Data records

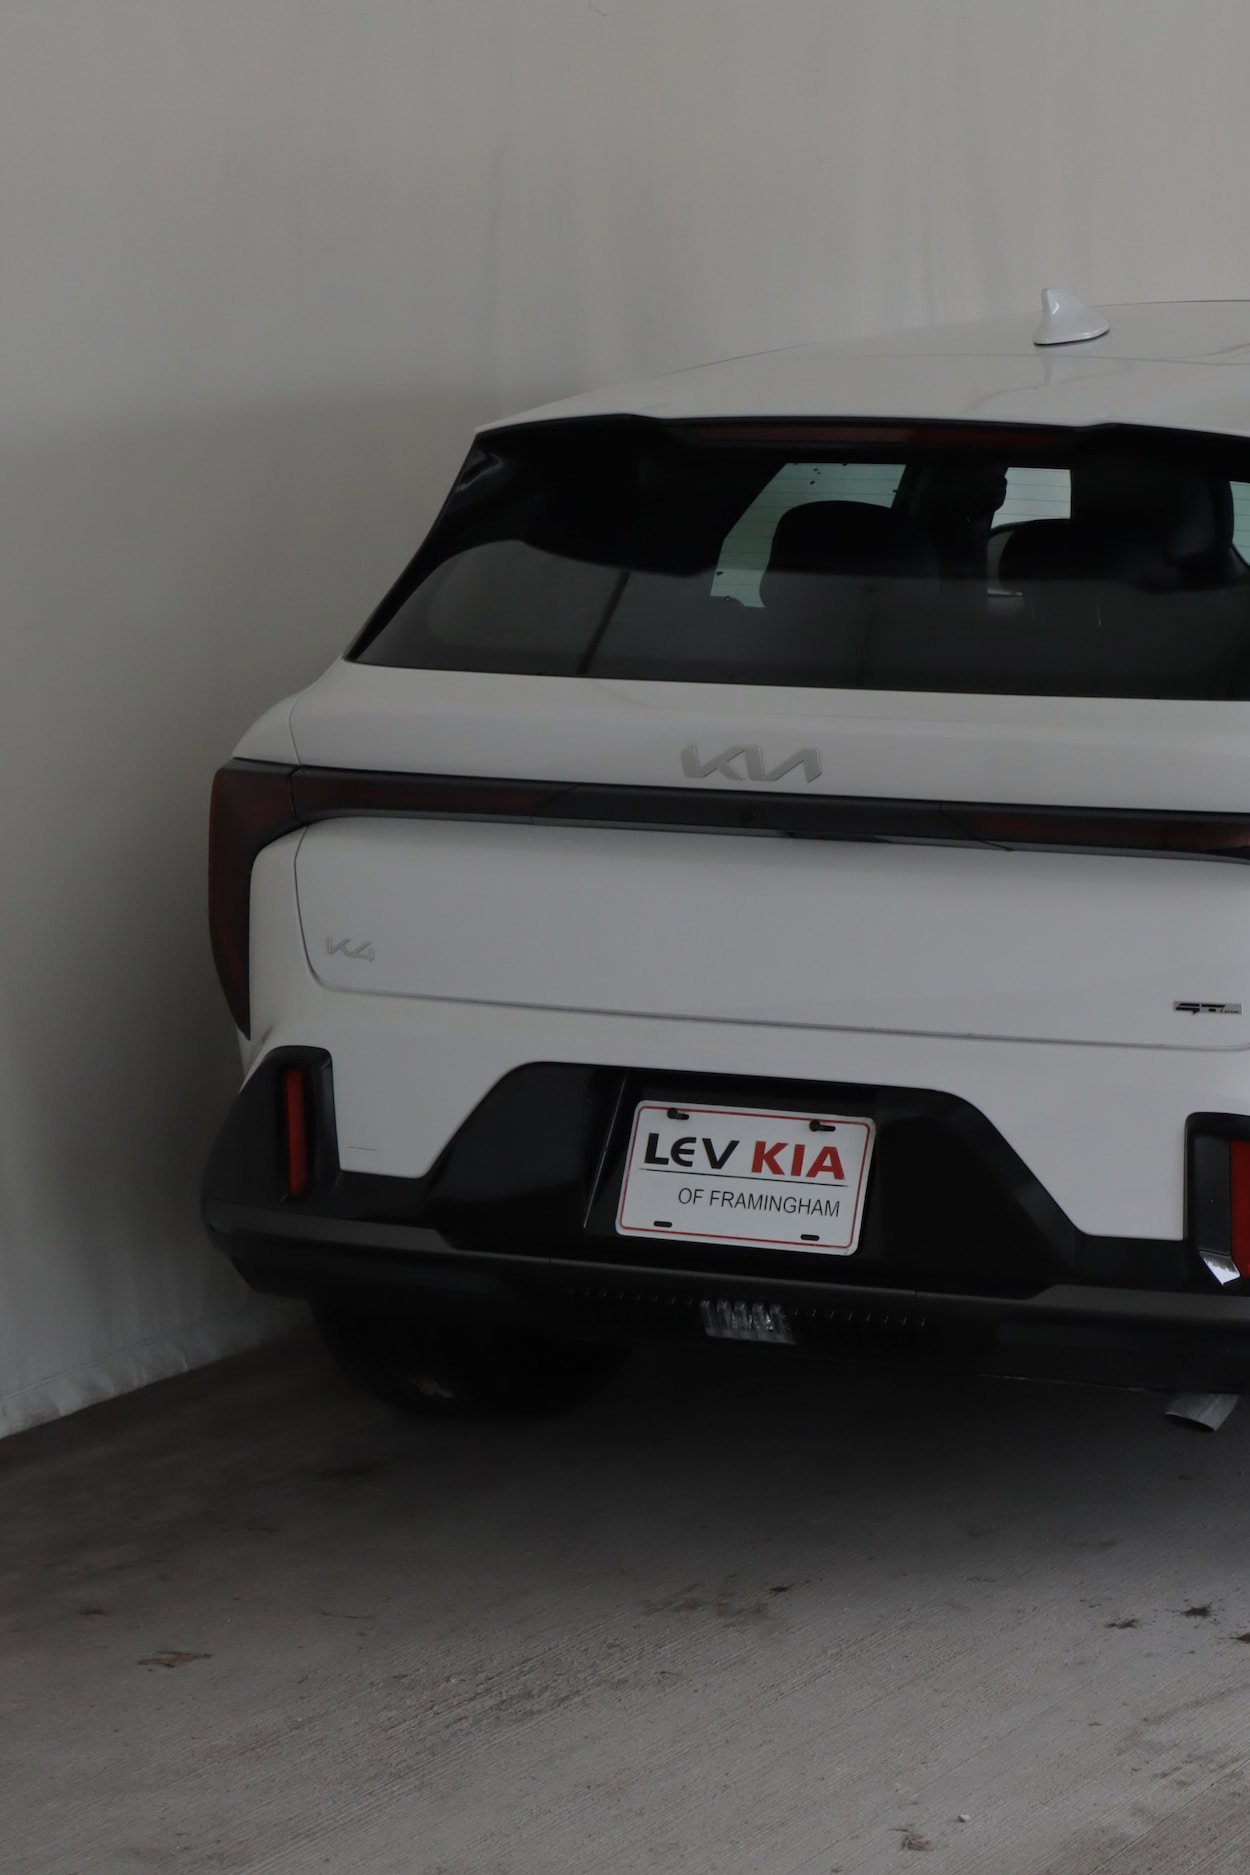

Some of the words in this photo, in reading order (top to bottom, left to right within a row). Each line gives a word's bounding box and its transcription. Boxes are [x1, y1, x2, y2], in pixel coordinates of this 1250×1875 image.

[680, 743, 822, 784] KIA
[643, 1132, 740, 1170] LEV
[751, 1140, 845, 1180] KIA
[678, 1187, 704, 1206] OF
[709, 1190, 840, 1217] FRAMINGHAM

**REQUIREMENT:** Please print each entry exactly as given and keep pictures out of it.

**TASK RESPONSE:**
Some of the words in this photo, in reading order (top to bottom, left to right within a row). Each line gives a word's bounding box and its transcription. Boxes are [x1, y1, x2, y2], in pixel coordinates of this 1250×1875 image.

[680, 743, 822, 784] KIA
[643, 1132, 740, 1170] LEV
[751, 1140, 845, 1180] KIA
[678, 1187, 704, 1206] OF
[709, 1190, 840, 1217] FRAMINGHAM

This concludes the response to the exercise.